Why is the gene regulation in eukaryotic cells needs multiple level of control than in prokaryotic cells? - Biology
THE ORGANIZATION AND CONTROL OF EUKARYOTIC GENOMES
Gene expression in eukaryotes has two main differences from the same process in prokaryotes.
The typical multicellular eukaryotic genome is much larger than that of a bacterium.
Cell specialization limits the expression of many genes to specific cells.
The estimated 35,000 genes in the human genome includes an enormous amount of DNA that does not program the synthesis of RNA or protein.
Eukaryotic DNA is precisely combined with large amounts of protein.
During interphase, chromatin fibers are highly extended.
If extended, each DNA molecule would be about 6 cm long.
First level - Histone proteins
Their positively charged amino acids bind tightly to negatively charged DNA.

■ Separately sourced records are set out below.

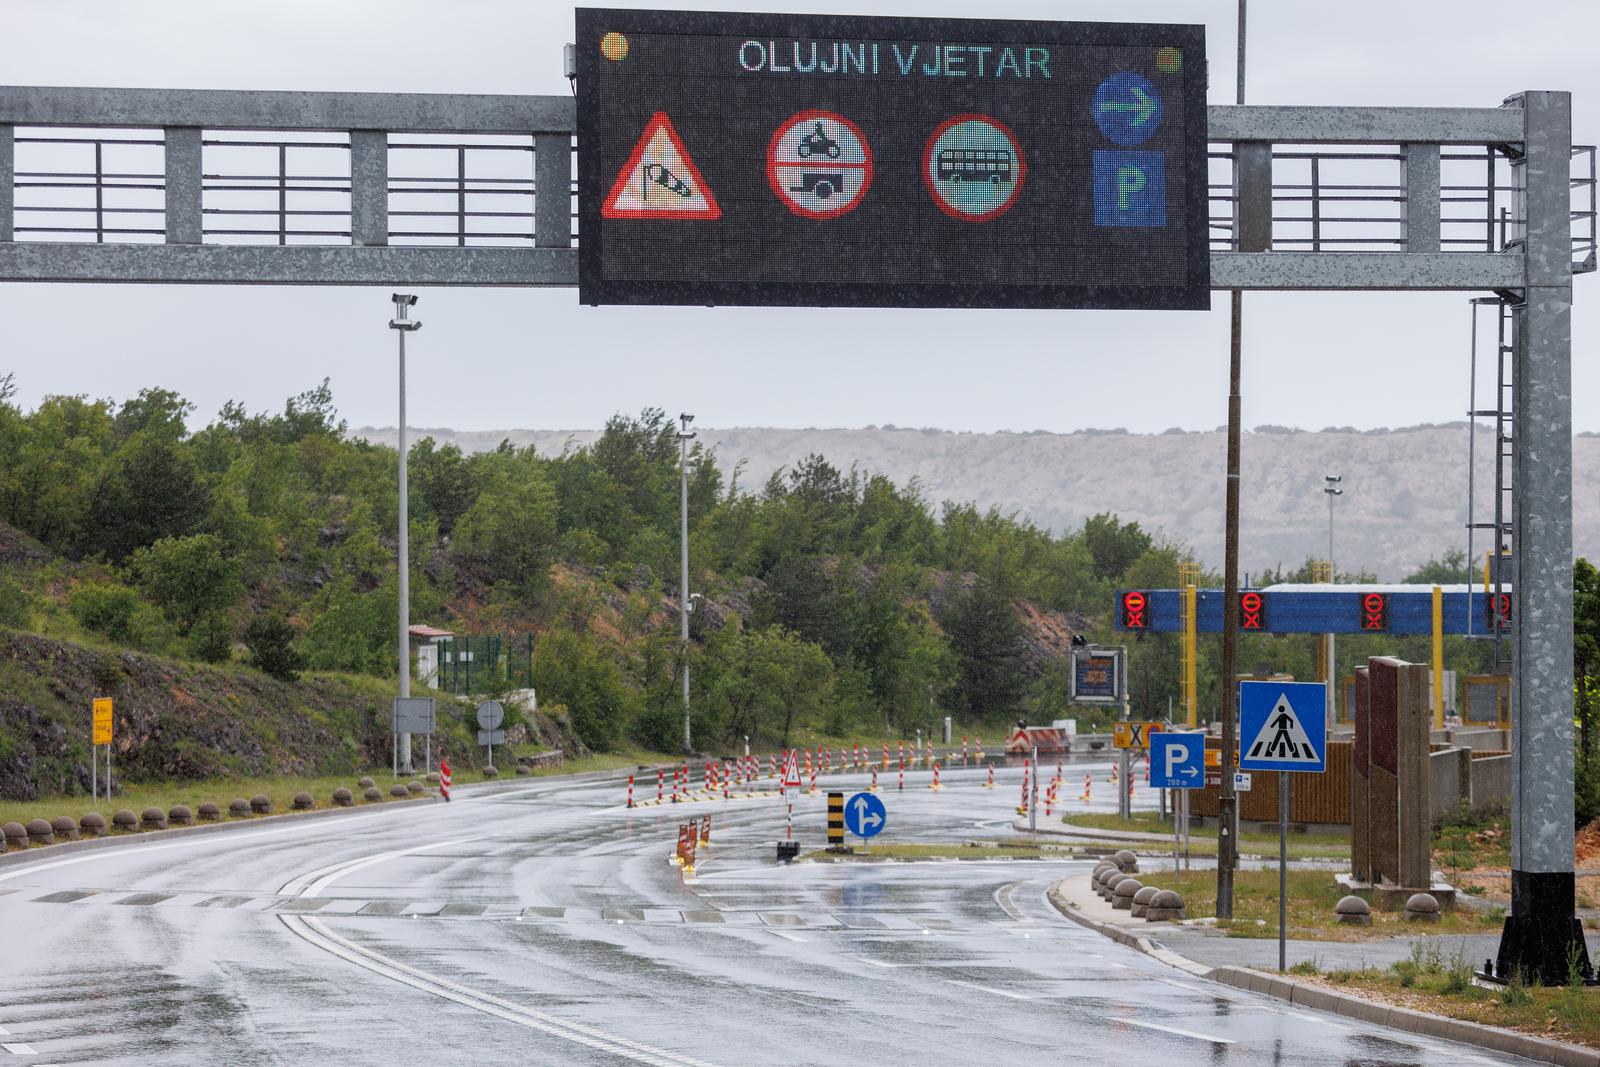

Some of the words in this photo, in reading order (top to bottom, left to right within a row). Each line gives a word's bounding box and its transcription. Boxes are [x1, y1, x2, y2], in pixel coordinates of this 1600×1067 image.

[739, 40, 878, 75] OLUJNI
[892, 44, 1052, 79] VJETAR
[1118, 162, 1148, 210] P
[1165, 743, 1189, 778] P
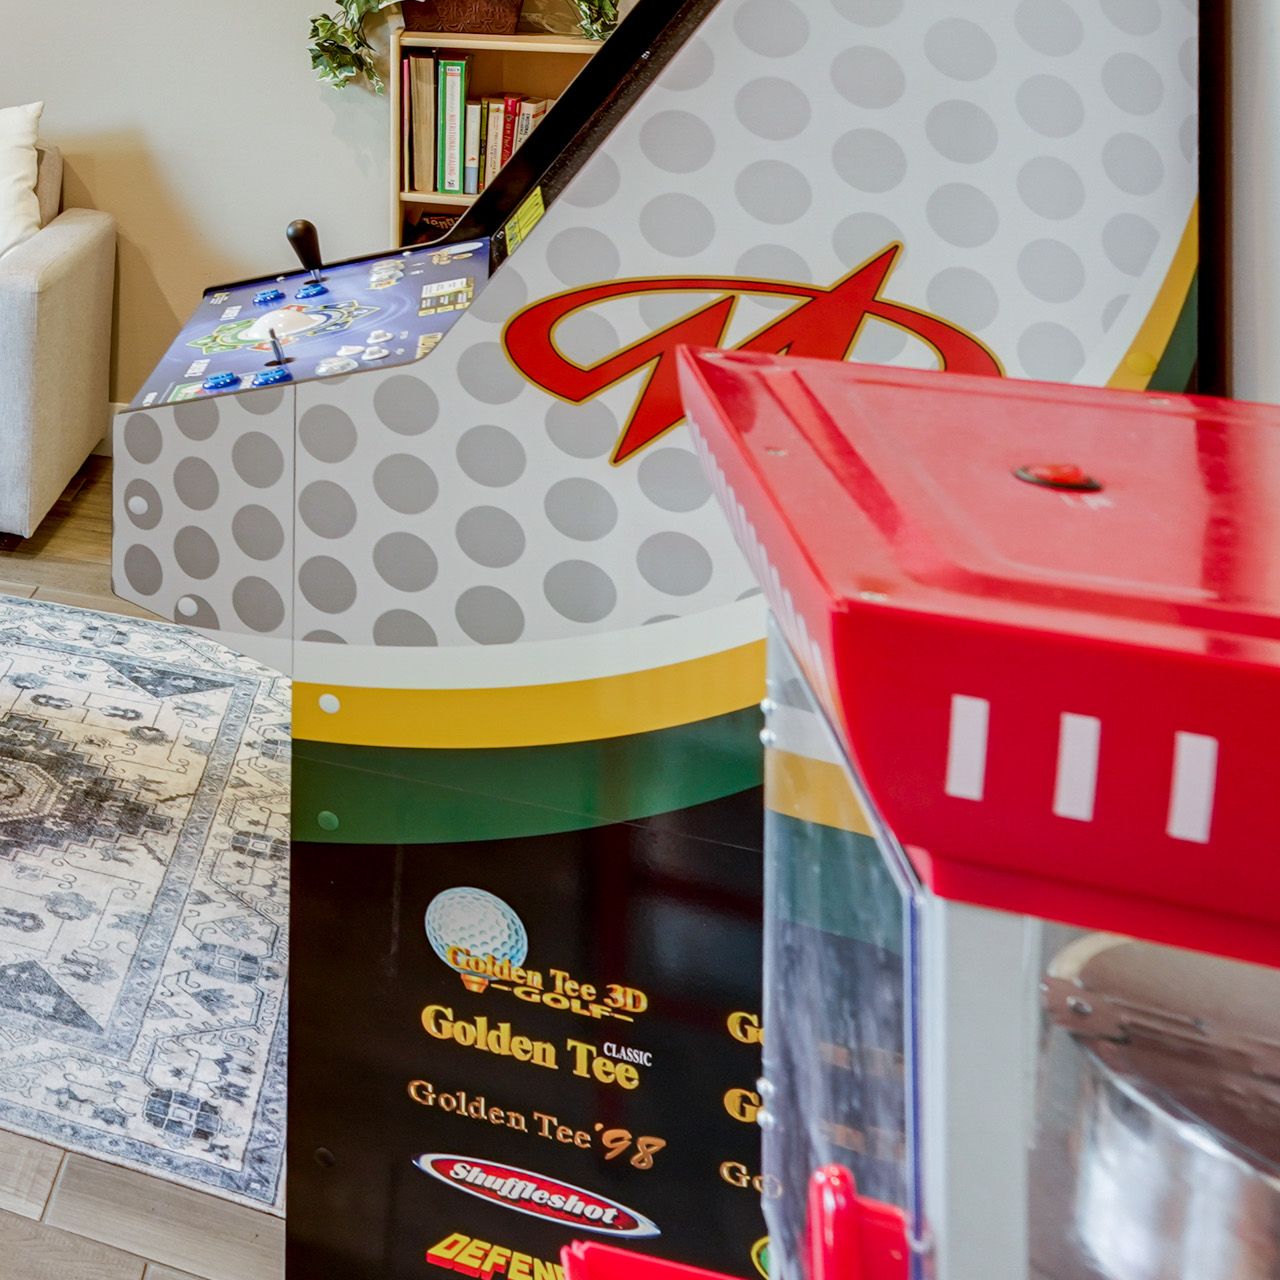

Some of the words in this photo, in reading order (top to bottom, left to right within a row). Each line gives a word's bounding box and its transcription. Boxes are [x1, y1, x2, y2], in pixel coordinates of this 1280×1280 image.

[446, 946, 543, 991] Golden
[549, 968, 597, 1002] Tee
[603, 984, 649, 1014] 3D
[421, 1004, 559, 1070] Golden
[567, 1039, 640, 1090] Tee
[603, 1041, 653, 1068] CLASSIC
[408, 1079, 529, 1134] Golden
[534, 1111, 593, 1150] Tee
[449, 1162, 619, 1225] Shuffleshot
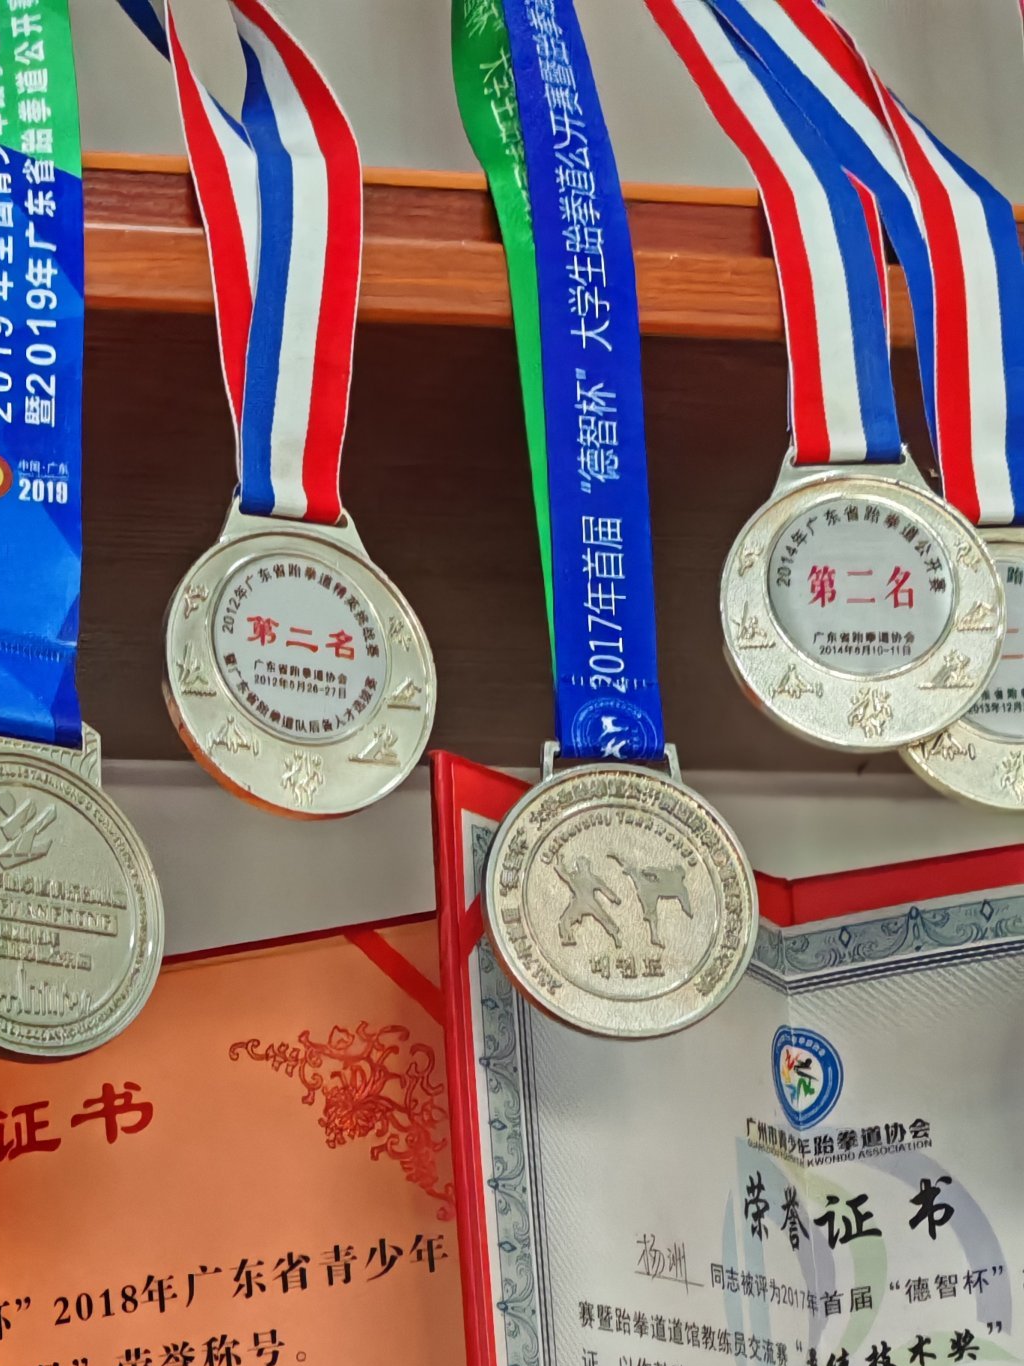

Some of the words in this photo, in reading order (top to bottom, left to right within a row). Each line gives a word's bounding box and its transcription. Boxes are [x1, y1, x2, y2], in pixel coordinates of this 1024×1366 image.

[807, 564, 915, 608] 第二名
[246, 614, 356, 661] 第二名
[746, 1117, 931, 1159] 广州市青少年跆拳道协会
[857, 1138, 933, 1160] ASSOCIATION
[743, 1170, 955, 1253] 荣誉证书

The five types of histones are very similar from one eukaryote to another and are even present in bacteria.
Unfolded chromatin has the appearance of beads on a string, a nucleosome , in which DNA winds around a core of histone proteins.
The beaded string seems to remain essentially intact throughout the cell cycle.
Histones leave the DNA only transiently during DNA replication.
They stay with the DNA during transcription.
By changing shape and position, nucleosomes allow RNA-synthesizing polymerases to move along the DNA.
Level two - As chromosomes enter mitosis the beaded string coils to form the 30- nm chromatin fiber .
Level three - This fiber forms looped domains attached to a scaffold of nonhistone proteins.
Level four - the looped domains coil and fold to produce the characteristic metaphase chromosome.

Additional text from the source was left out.